-- What the task asks --
Nothing but the lines from the one that contains "Some of the words" to the end of the records should be printed, both ends included, exactly as given.

-- Source records --
---+---
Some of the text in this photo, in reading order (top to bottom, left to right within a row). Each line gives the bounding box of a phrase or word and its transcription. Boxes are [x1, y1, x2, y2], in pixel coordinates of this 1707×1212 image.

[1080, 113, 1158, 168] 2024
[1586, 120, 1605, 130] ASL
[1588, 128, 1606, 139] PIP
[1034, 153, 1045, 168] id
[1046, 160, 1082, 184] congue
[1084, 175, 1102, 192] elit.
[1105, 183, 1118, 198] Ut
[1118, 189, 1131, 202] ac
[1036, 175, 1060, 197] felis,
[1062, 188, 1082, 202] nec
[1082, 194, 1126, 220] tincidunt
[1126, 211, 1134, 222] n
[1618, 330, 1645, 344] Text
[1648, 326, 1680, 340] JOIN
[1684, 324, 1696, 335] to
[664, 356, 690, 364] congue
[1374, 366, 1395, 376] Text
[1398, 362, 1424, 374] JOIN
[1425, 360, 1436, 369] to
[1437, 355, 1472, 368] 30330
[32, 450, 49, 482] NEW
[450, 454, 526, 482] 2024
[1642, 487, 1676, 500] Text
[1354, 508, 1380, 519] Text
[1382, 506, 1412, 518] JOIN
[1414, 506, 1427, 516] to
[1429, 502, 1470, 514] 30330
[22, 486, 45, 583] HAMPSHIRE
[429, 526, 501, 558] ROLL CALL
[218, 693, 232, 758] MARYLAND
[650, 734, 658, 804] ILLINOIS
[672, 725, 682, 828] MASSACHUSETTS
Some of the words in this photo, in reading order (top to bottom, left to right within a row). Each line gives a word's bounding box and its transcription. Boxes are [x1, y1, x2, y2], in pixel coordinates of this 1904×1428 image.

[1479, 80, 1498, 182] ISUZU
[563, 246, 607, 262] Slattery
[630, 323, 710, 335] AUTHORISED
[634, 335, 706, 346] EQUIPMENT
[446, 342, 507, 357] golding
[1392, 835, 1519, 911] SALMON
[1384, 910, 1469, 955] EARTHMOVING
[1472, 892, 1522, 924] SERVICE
---+---
-- Response --
Some of the words in this photo, in reading order (top to bottom, left to right within a row). Each line gives a word's bounding box and its transcription. Boxes are [x1, y1, x2, y2], in pixel coordinates of this 1904×1428 image.

[1479, 80, 1498, 182] ISUZU
[563, 246, 607, 262] Slattery
[630, 323, 710, 335] AUTHORISED
[634, 335, 706, 346] EQUIPMENT
[446, 342, 507, 357] golding
[1392, 835, 1519, 911] SALMON
[1384, 910, 1469, 955] EARTHMOVING
[1472, 892, 1522, 924] SERVICE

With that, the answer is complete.